As the buffalo evaporated from prairies, the plains tribes lost an anchor of their existence and with it their nomadic way of life following the great herds.
Today, bison are in little danger of dying out completely. Perhaps 400,000 live across the western United States and Canada, primarily on private ranches. But the purity of the species is threatened. Most living bison carry some genes from domestic cattle. As genetically pure strains have been pushed into smaller and smaller corners of western North America, their existence has been thrown into doubt. Today, reservations like Rosebud have begun to play an increasingly important role in the survival of the species, providing a home for full-blooded bison when they become too numerous on DOI-managed lands. Leaders like Little Elk see the return as a sort of homecoming.
“From our perspective, they’re our relatives,” he said. “We’re tied to them.”
Today, however, it’s mostly cattle, not bison, that graze the prairies of many reservations. Bureau of Indian Affairs policies led to the partitioning of land aimed at supporting domesticated livestock, leading landowners to daisy-chain together strings of five-year leases for the disparate parcels.
“Our land had become so fractionated,” said Monica Terkildsen, an Oglala Lakota member living on South Dakota’s Pine Ridge Reservation and a tribal community liaison with WWF. “We really lost the ability to control our land.”
In contrast, the plan to bring the buffalo back to Rosebud will start with a 15-year lease. Terkildsen sees that term as a much more stable platform for the economic development, cultural significance and ecological restoration that the leaders of the Wolakota Regenerative Buffalo Range and Wildlife Sanctuary, as it’s known, hope to encourage.
“We have space, we have grass and we have water,” she said. “That’s our economy on these reservations, grass or grazing.”
Heal the land
Years of intensive grazing, though, have altered the state of the grasslands. Dennis Jorgensen, a wildlife biologist and WWF’s bison initiative coordinator, said that ranchers often manage cattle to make the most use of the grass available, being careful not to over- or undergraze any one spot on the range.
“They want to use the resource, and they want to use it sustainably,” Jorgensen said. What that approach typically creates is more or less uniform grassland.”
On the other hand, “Bison tend to graze on the hoof,” he said. “They tend to graze on the move, and anecdotally, what we find is that they create more of a patchy environment.”
Through their grazing habits, bison create a hodgepodge of different habitats that can, in turn, support a wider array of species.
It’s not that bison “have some sort of magical quality,” Jorgensen said. “But they have evolved with the system over 10,000 years and with grasslands over a much longer period.”
He pointed to the results on Fort Belknap Indian Reservation in northern Montana, which has had bison since the mid-1970s. “I’ve had [world-class] ornithologists come there and say, ‘I cannot believe the bird diversity on this pasture.

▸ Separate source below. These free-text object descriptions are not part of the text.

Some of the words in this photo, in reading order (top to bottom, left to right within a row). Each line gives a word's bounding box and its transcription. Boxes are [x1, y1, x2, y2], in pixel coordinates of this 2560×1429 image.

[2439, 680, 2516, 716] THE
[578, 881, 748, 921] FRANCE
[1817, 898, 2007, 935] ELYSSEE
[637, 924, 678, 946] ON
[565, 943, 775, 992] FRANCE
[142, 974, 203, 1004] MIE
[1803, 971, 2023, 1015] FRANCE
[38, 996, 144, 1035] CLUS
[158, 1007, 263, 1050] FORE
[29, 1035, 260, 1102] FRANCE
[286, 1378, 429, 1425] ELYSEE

To find this diversity of birds otherwise, I would have to explore millions of acres in the surrounding area,’” Jorgensen said.

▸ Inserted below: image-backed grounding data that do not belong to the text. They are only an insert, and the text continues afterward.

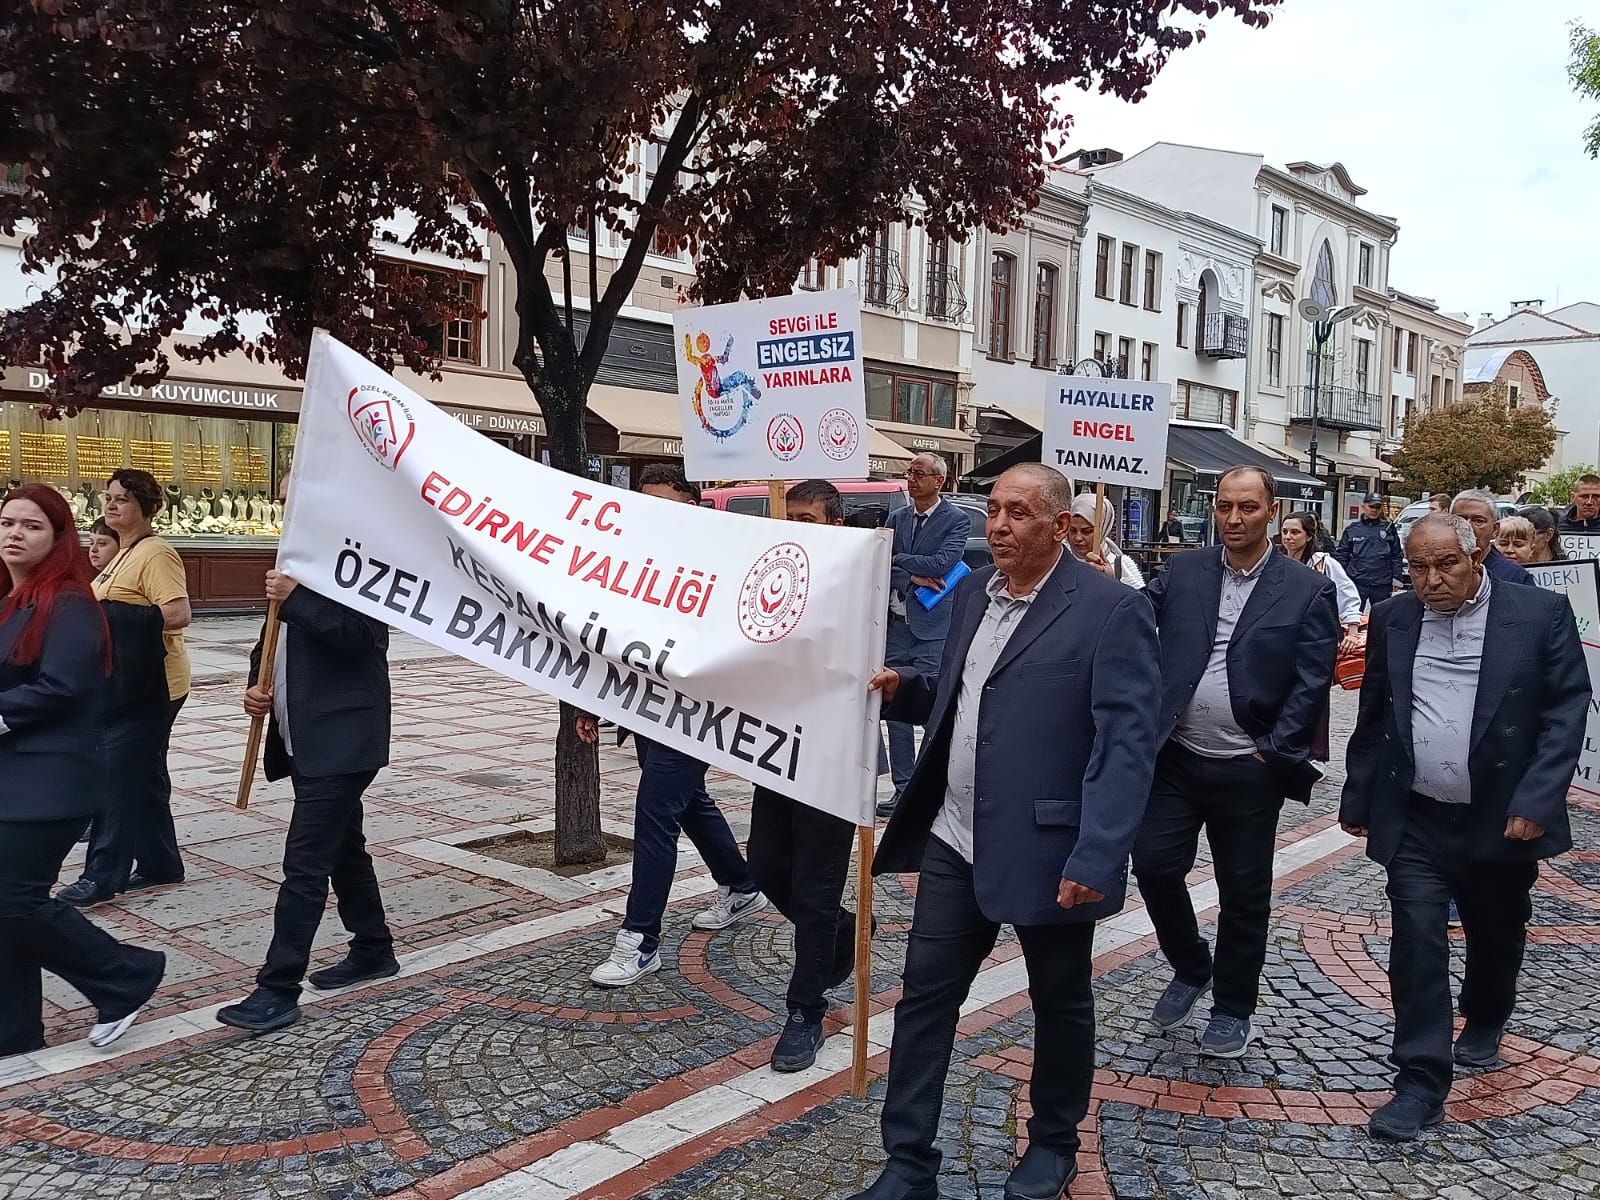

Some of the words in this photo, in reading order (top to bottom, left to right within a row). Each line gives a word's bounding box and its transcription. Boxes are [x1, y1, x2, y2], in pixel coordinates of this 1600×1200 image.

[763, 366, 852, 389] YARINLARA
[151, 384, 278, 408] KUYUMCULUK
[1059, 388, 1154, 412] HAYALLER
[489, 415, 540, 433] DÜNYASI
[1072, 420, 1135, 442] ENGEL
[868, 460, 888, 470] ERAT
[1055, 448, 1149, 475] TANIMAZ.
[565, 490, 623, 536] T.C.
[420, 471, 564, 565] EDİRNE
[567, 546, 718, 618] VALİLİĞİ
[1564, 536, 1595, 549] GEL
[447, 536, 570, 642] KEŞAN
[579, 611, 676, 682] İLGİ
[334, 537, 434, 626] ÖZEL
[445, 594, 591, 690] BAKIM
[597, 660, 803, 782] MERKEZİ

Ecologists say that the bison, along with prairie dogs and fire, were once the dominant forces shaping the environment. Research has shown that threatened bird species, like the IUCN Red Listed mountain plover (Charadrius montanus), depended on the wallows that bison left on the prairie when they rolled around. Bison also spread seeds in their dung, and they kept in check the enterprising spruce, pine and willow trees that could quickly change the complexion of the prairie.
“[Bison] can heal the land,” Vi Waln, chairperson of the Tribal Land Enterprise, said in an interview.